Mods to the Glock trigger system:
I would like to treat this like a recipe book. My recipe for a Glock trigger is as follows, but there are more ways than this to make a reliable trigger for duty or defensive use. This one works for me but I am not married to it. So long as what you do works reliably and safely, there’s no right answer for all of us. As a rule, I keep all dimensions and angles the same except for the firing pin safety.
-Smooth-faced Gen 3 trigger with trigger bar
-Glock factory (-) connector
-Factory firing pin spring
-Factory firing pin safety
-Wolff firing pin safety spring (or factory, this is not too important to me)
-Factory trigger spring
-Factory trigger mechanism housing
-Factory firing pin (striker)
Trigger & Trigger Bar mods: Anywhere there is metal/metal contact I polish with Flitz and Brasso to a mirror shine. I do this using a Dremel with a felt wheel, lower range RPMs, and lots of patience.

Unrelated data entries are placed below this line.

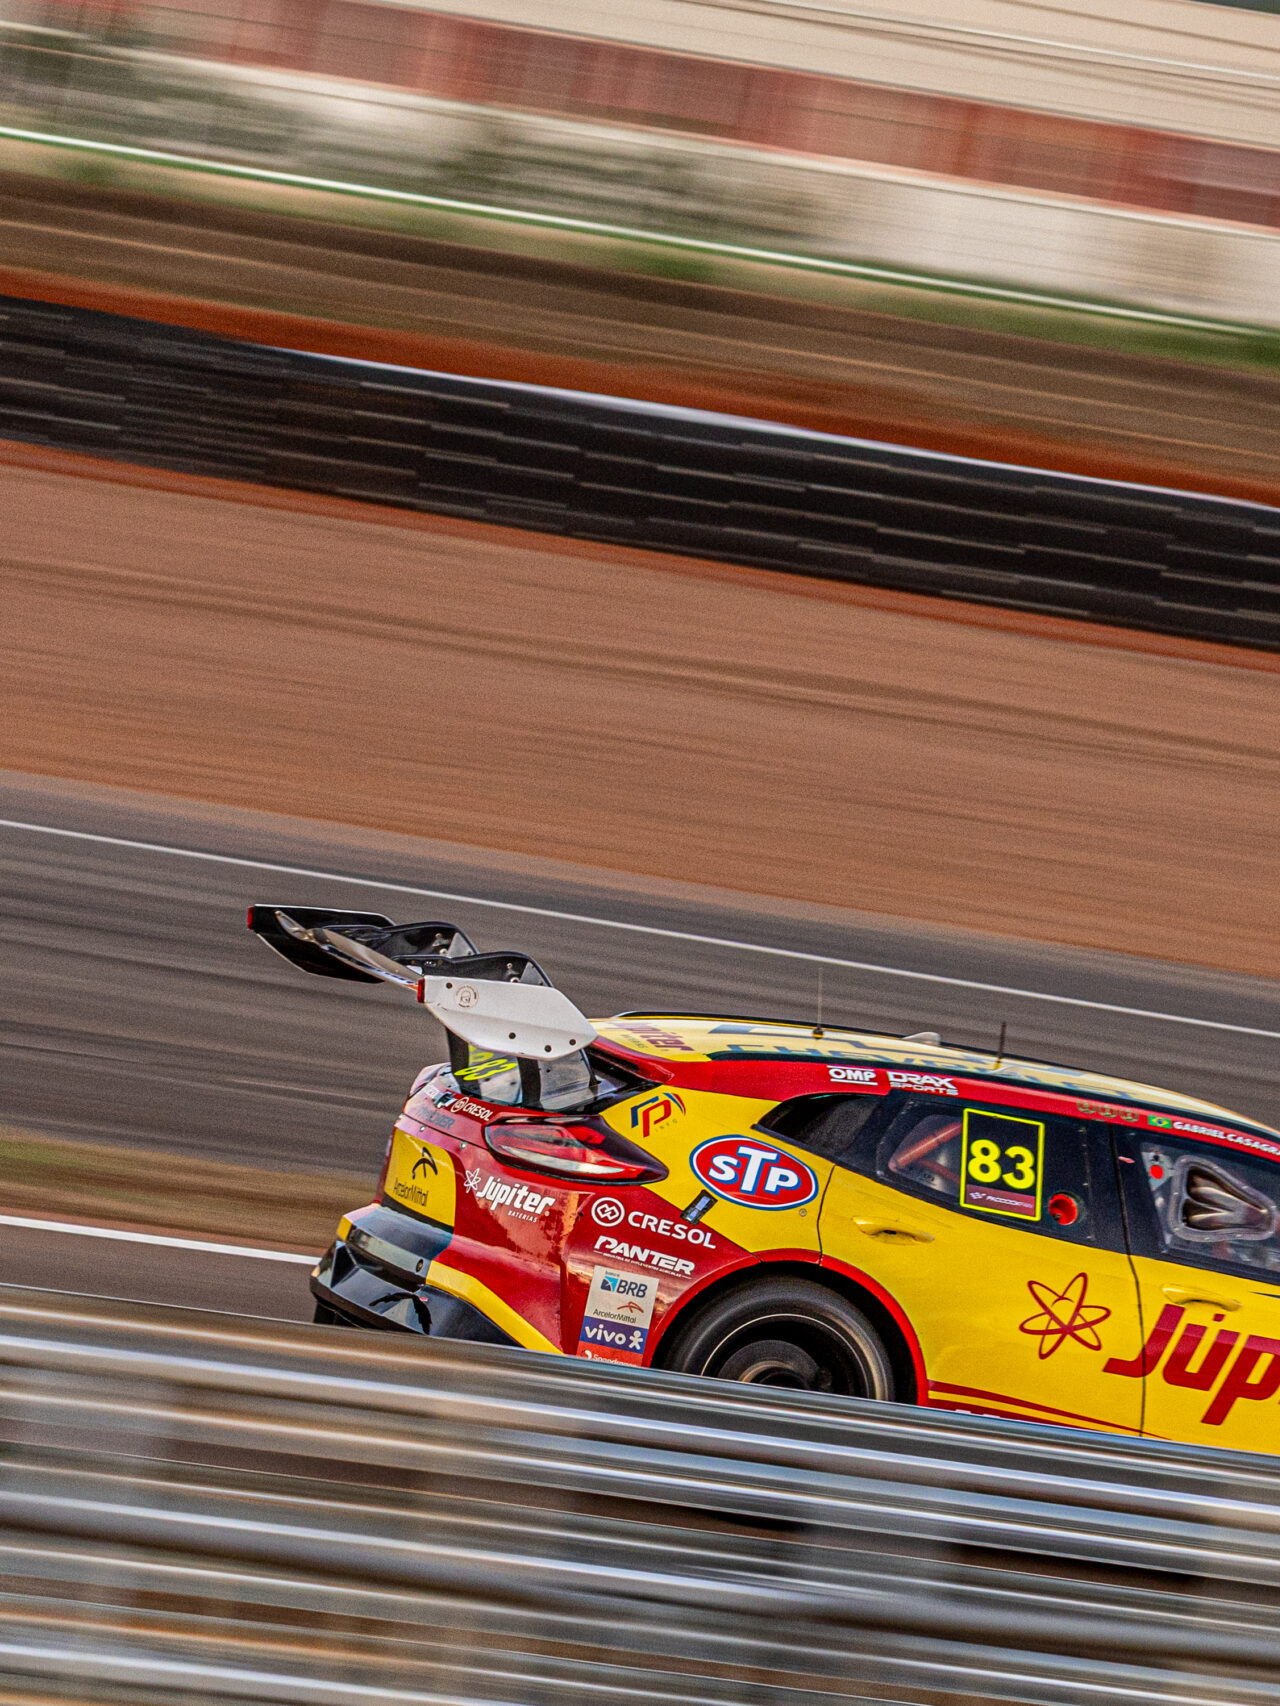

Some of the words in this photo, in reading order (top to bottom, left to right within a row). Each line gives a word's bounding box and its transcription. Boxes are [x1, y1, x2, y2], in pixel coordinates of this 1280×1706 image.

[828, 1068, 877, 1082] OMP
[886, 1071, 957, 1090] DRAX
[889, 1081, 959, 1096] SPORTS
[462, 1102, 494, 1121] CRESOL
[707, 1145, 802, 1195] STP
[967, 1138, 1036, 1190] 83
[475, 1175, 556, 1216] Júpiter
[507, 1209, 539, 1223] BATERIAS
[627, 1210, 717, 1250] CRESOL
[593, 1234, 696, 1276] PANTER
[616, 1279, 648, 1298] BRB
[592, 1308, 637, 1324] ArcelorMittal
[584, 1323, 627, 1345] vivo
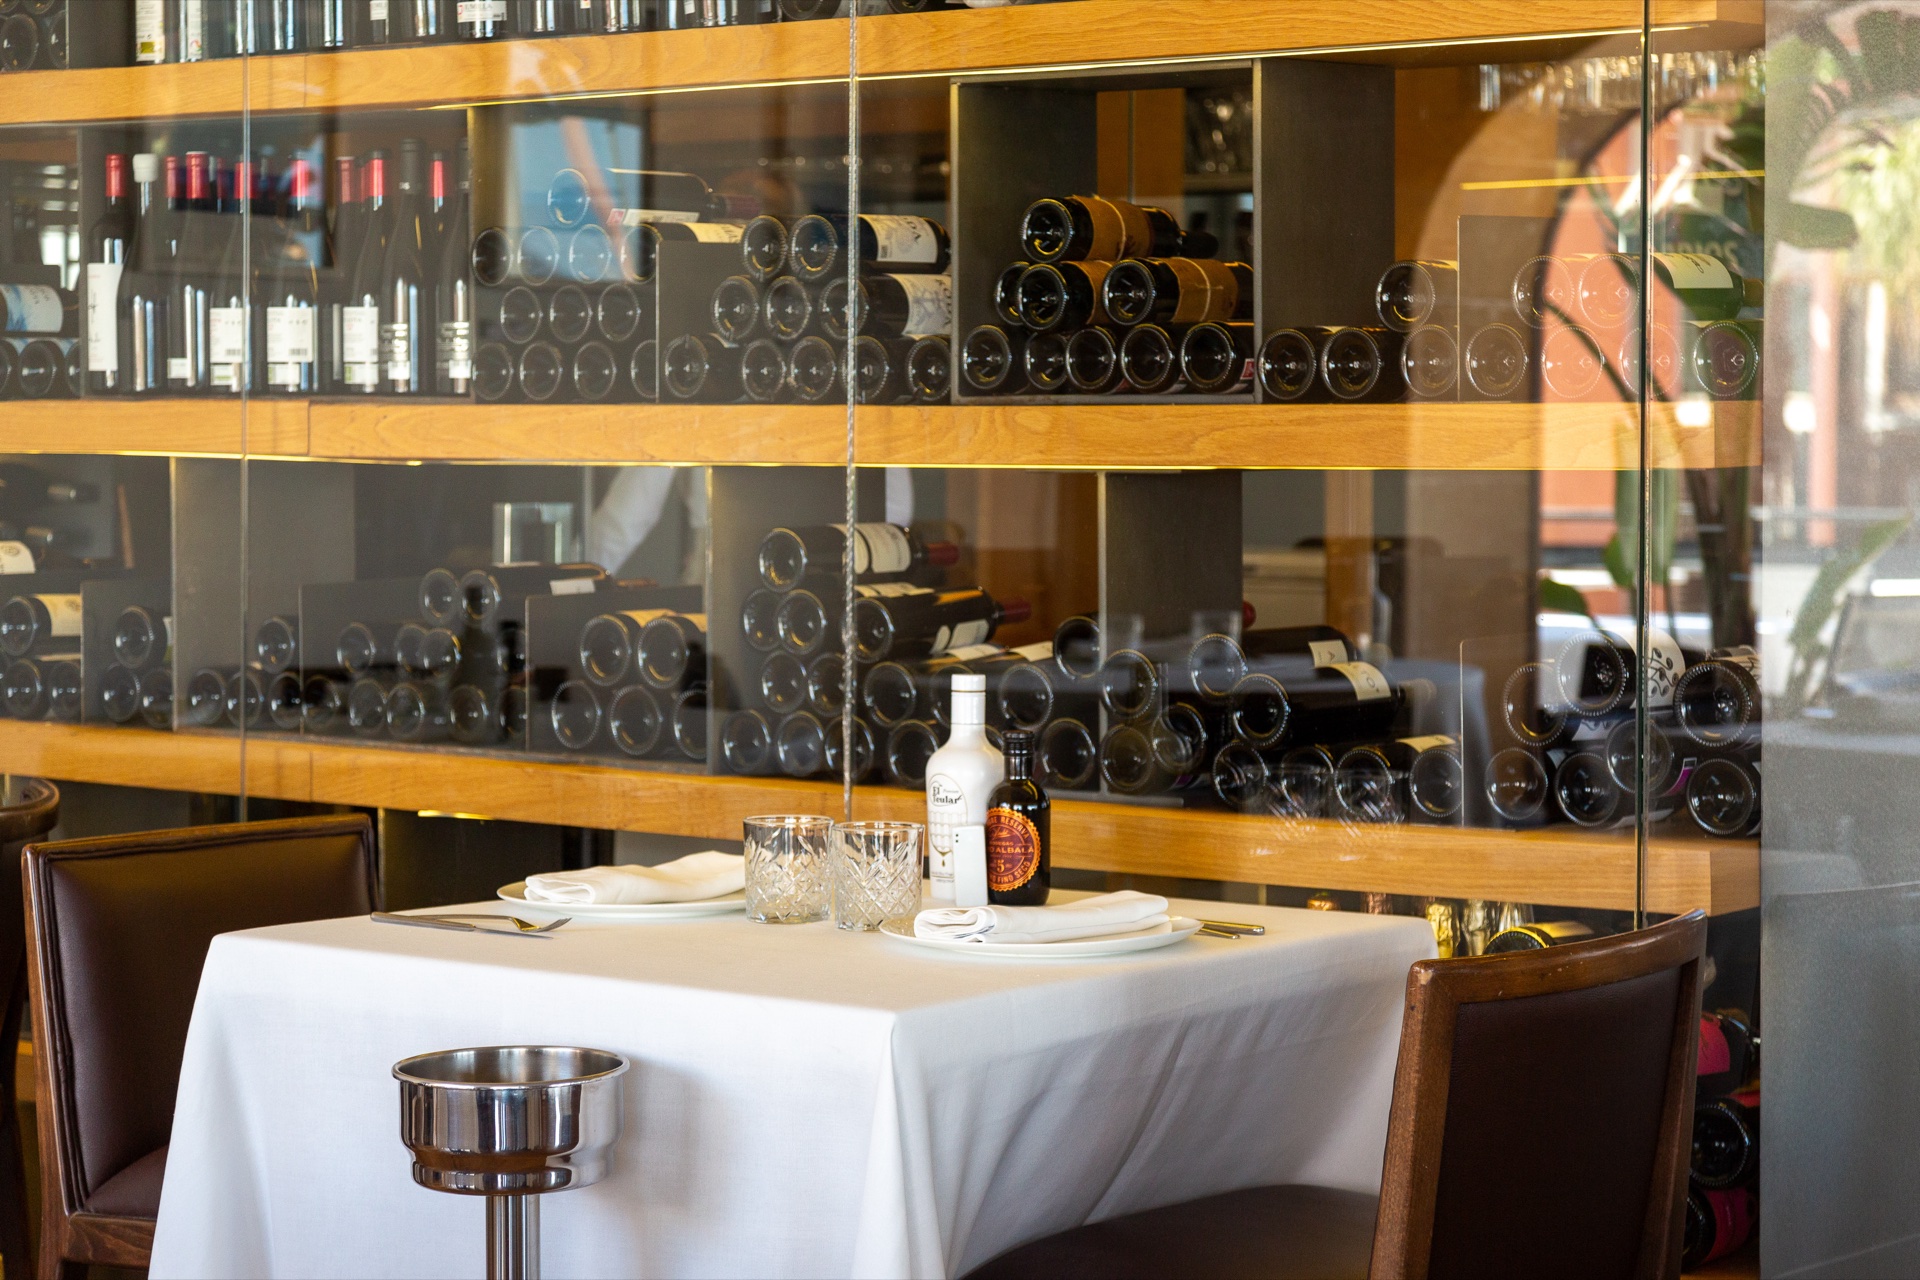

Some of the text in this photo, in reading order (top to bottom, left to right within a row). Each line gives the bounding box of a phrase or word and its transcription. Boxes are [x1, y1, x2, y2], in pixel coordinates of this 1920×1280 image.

Firing pin safety: I round off the angles and mirror polish the whole unit. This creates less of a “wall” as the bar lifts the block and more of a gentle, smooth “hump”. I chuck mine up in a drill and contour it on a knife sharpener. I then polish it just as the parts above. Remember, you can take more off but never add more on, and uniformity is your goal here. There are numerous tutorials online for this. If you overdo it, you’ll be buying a new one.
Factory firing pin: I polish the protrusion on the bottom where it interacts with the trigger bar. This further ensures a smooth pull during cocking and a crisp break as the trigger bar releases the firing pin.
That’s the magic. That and I shoot the shit out of them. The best trigger job you can do is put rounds down. Last but not least, if your trigger begins to get worse over time, not better, take it apart and clean it before you go spending money on parts. It’s likely just gunked up and you’ll be really pleased at the returns upon wiping it all down.
Guest Author Jon C. is an active duty US Army Special Forces soldier. Graphic courtesy Glock USA.